It's Over/It's Beginning
Description
$7.95
ISBN 0-88984-094-6
Author
Publisher
Year
Contributor
Ellen Pilon is a library assistant in the Patrick Power Library at Saint
Mary’s University in Halifax.
Review
Frank Watt is straightforward. It’s Over/It’s Beginning, his first selection of verse in book form, is designed to immerse the reader in the poems immediately. No introduction, no contents, block the way. The first words of the first poem repeat the title, an unexpected pleasure which calms the mind and tells it not to worry about discovering which poem relates to the title and why. His poetic style, clear images and basic vocabulary, reflect these organizational techniques. Style never imposes on content but blends with it.
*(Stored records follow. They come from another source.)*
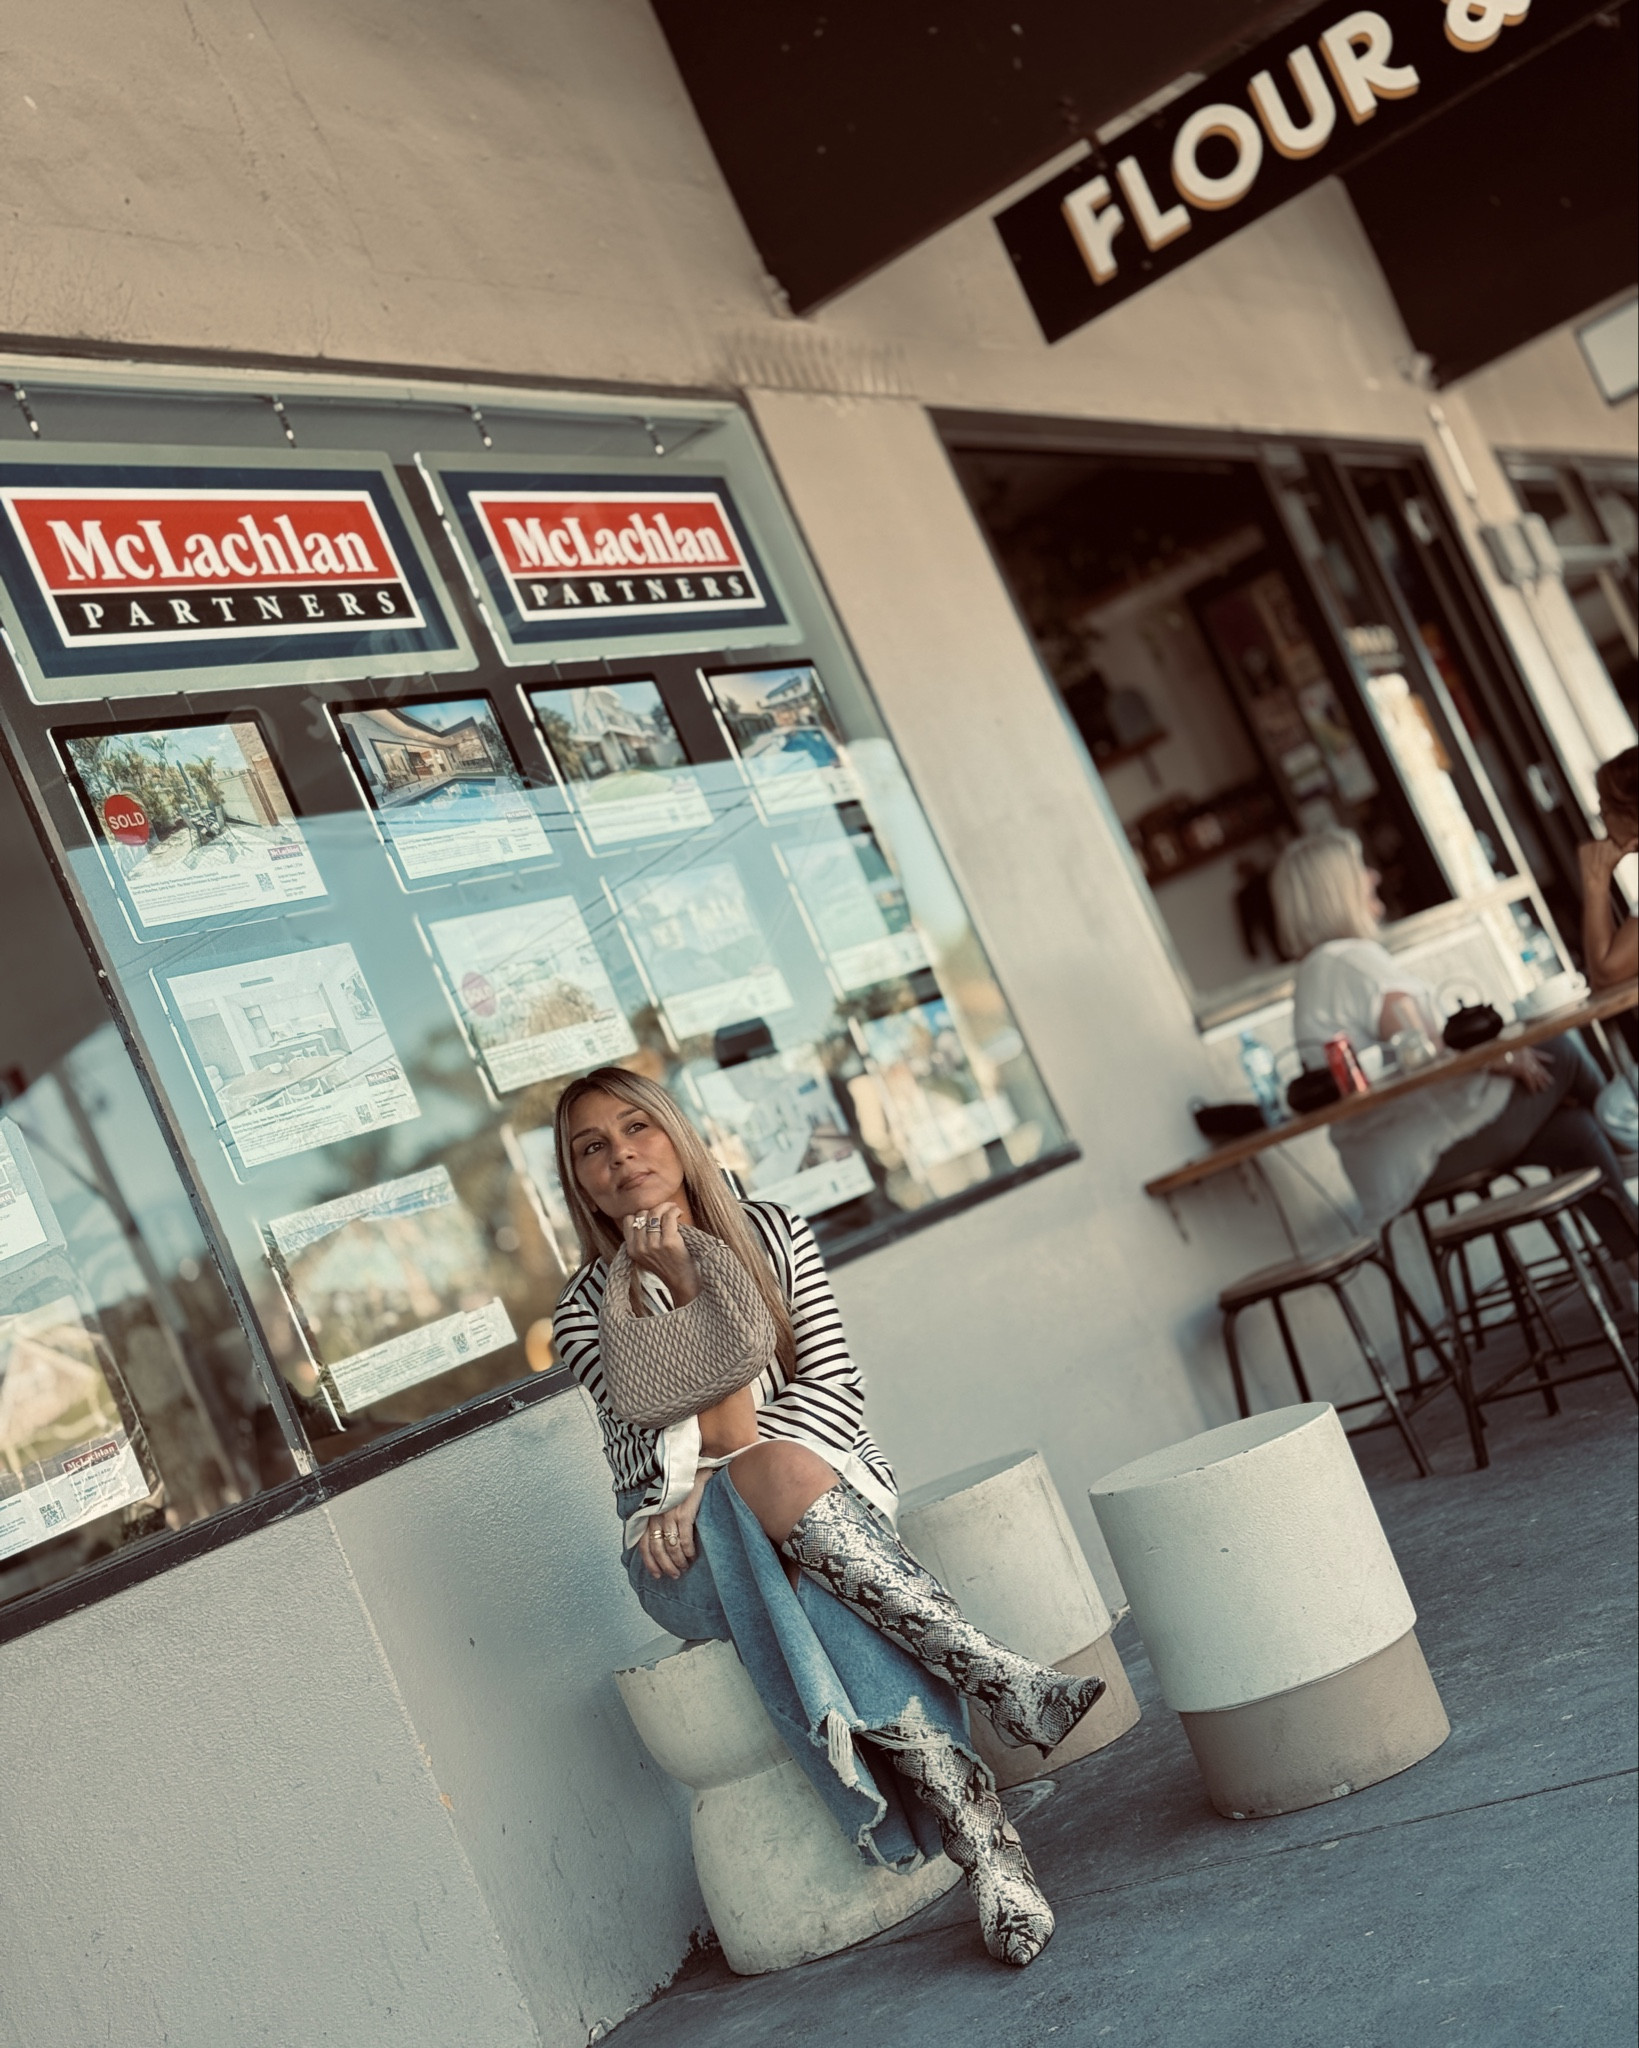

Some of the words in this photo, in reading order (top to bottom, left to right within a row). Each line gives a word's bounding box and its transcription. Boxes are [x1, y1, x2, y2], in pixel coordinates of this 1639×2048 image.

[1063, 11, 1420, 280] FLOUR
[46, 514, 379, 580] McLachlan
[502, 513, 730, 568] McLachlan
[80, 591, 396, 629] PARTNERS
[530, 576, 745, 606] PARTNERS
[108, 811, 145, 830] SOLD
[66, 1445, 116, 1471] McLachlan
The poems are delightfully coloured with a light William Carlos Williams wash. Many are about the farm, chores, nature, spring, the country horses. Sometimes nature and man are parallel. In “The autopsy,” the unexpected death of a seemingly healthy maple is described — “(a dark stain/right up through the heart)” — with an arresting concluding comment: “Maples/ (it seems) /die slowly/from the inside out.” In “Spring song,” the poet realizes that man, unlike nature, is “too old and fouled” to be washed clean by spring.
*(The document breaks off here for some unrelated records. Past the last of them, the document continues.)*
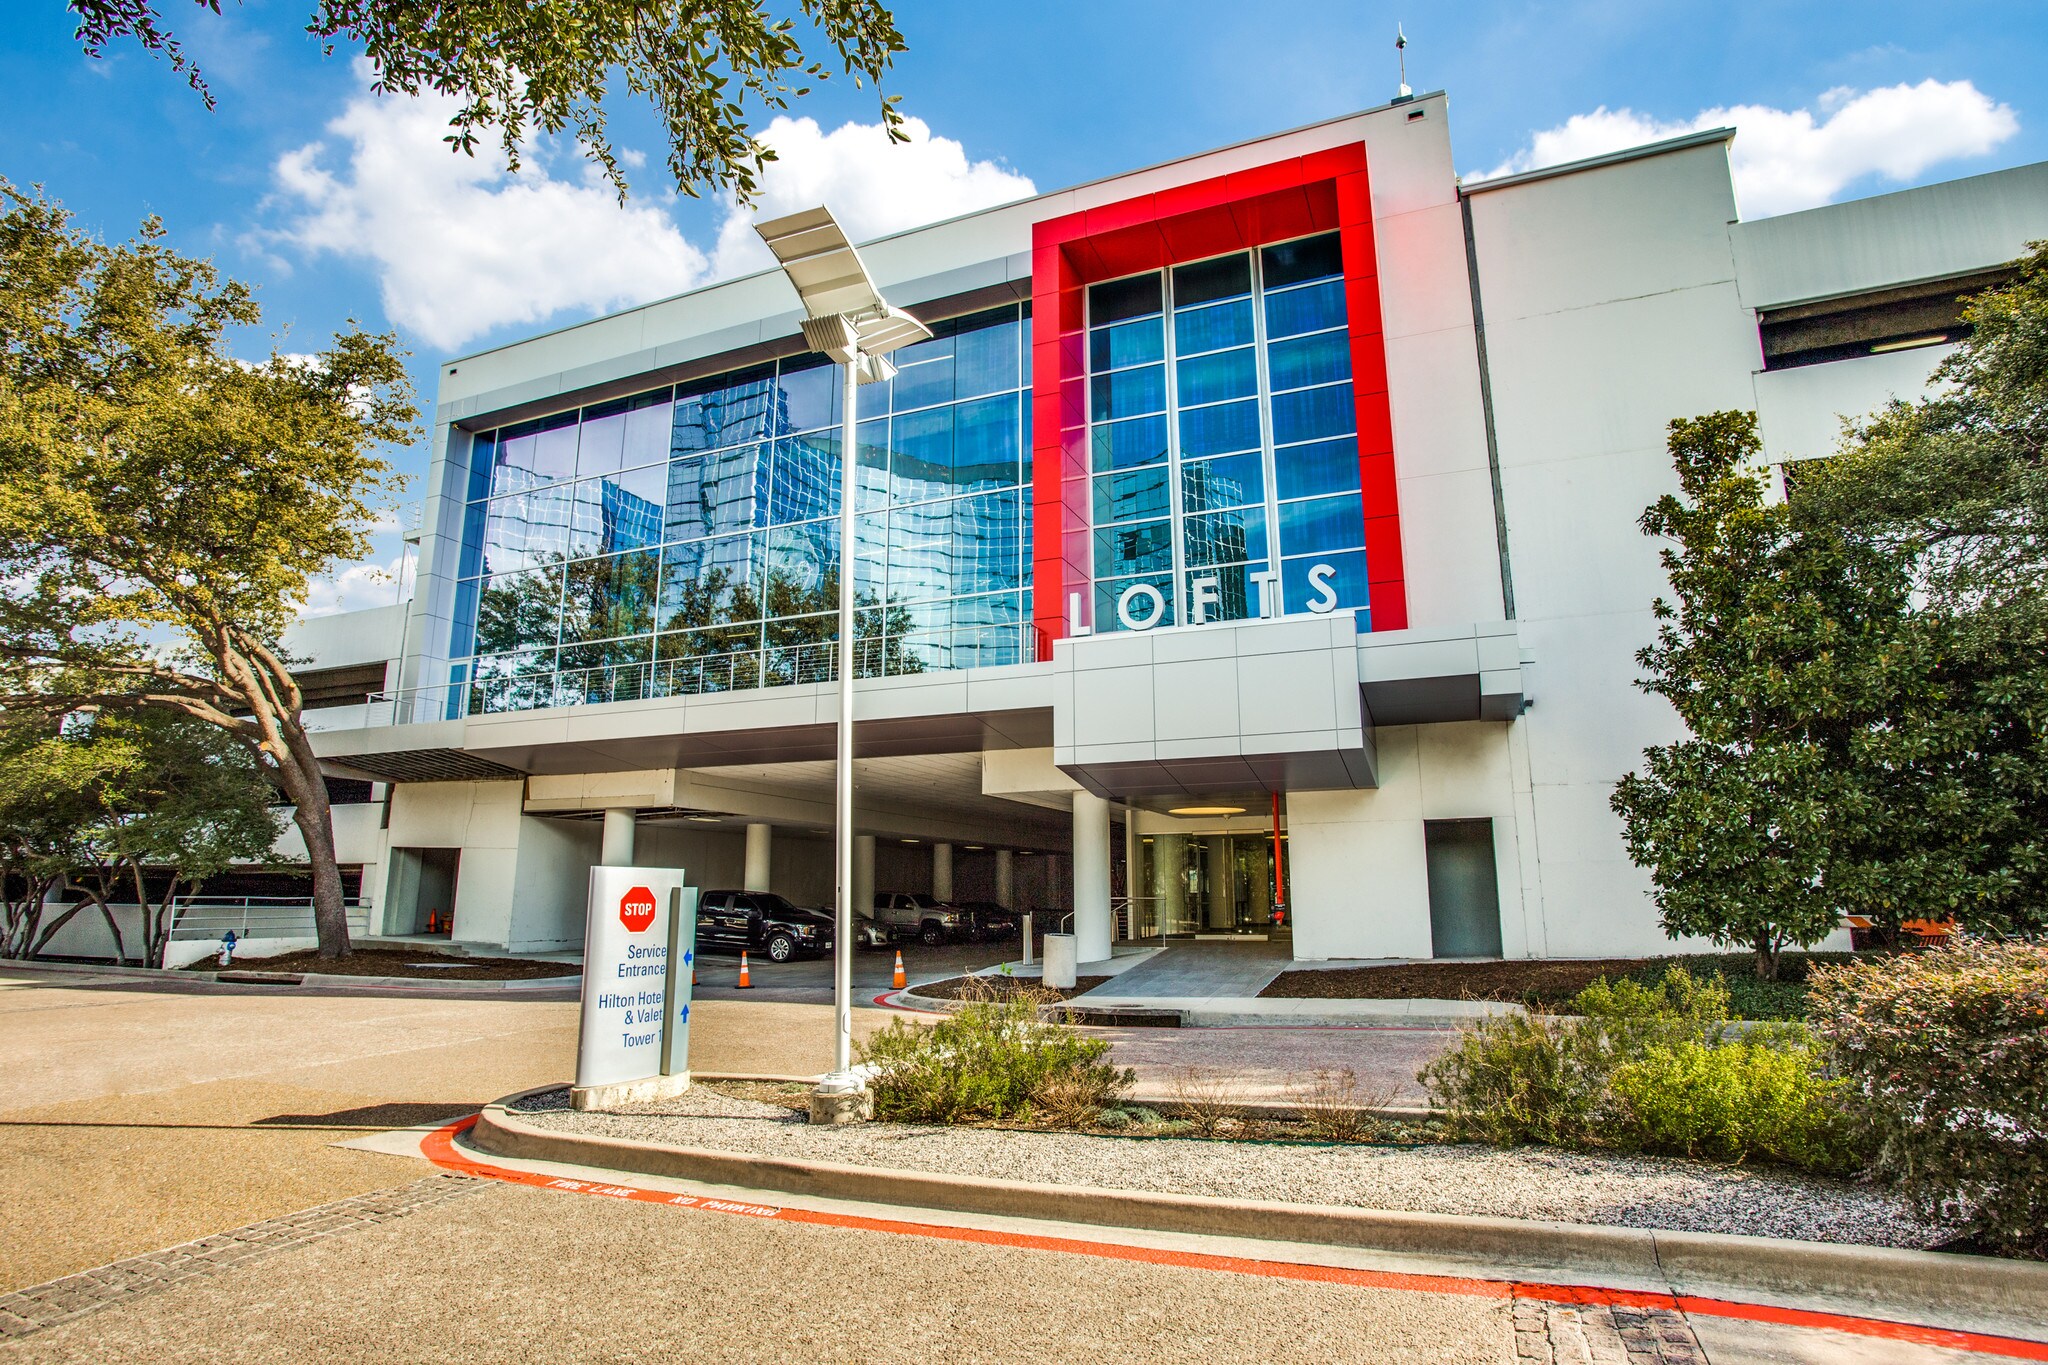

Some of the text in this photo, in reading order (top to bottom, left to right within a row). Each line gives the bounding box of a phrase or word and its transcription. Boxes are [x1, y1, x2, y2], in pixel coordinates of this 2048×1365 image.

[1069, 563, 1337, 637] LOFTS
[624, 903, 652, 916] STOP
[627, 943, 667, 960] Service
[618, 963, 666, 978] Entrance
[598, 989, 665, 1009] Hilton Hotel
[624, 1007, 663, 1025] & Valet
[622, 1029, 662, 1048] Tower 1
[546, 1179, 637, 1197] FIRE LANE
[668, 1196, 781, 1217] NO PARKING
Watt has a way with words that gives a new dimension to day-to-day things; for example, “Good boots” describes the fate of winter boots in summer. He paints indelible pictures; in “City burial” we see the funeral procession fresh from the “warm chapel’s perfumed consolations” arriving unprepared at the “gaping raw hole.” He brings people alive, especially in “Grandfather takes off.” “Letter to my parents,” perhaps the best in the collection, shows how the poet’s parents, though dead, are alive in him, still easing his way.
Watt’s poems are mostly written in the third person as he describes the people, places, and objects he observes. The few first person poems are among the best, such as “The apple trees,” and “Letter to my parents.” A few of the poems are wordy and lose the reader. Although the 55 poems seem simple, they are not. They cannot be read quickly, all at once, but deserve careful attention and several readings to taste their full flavour.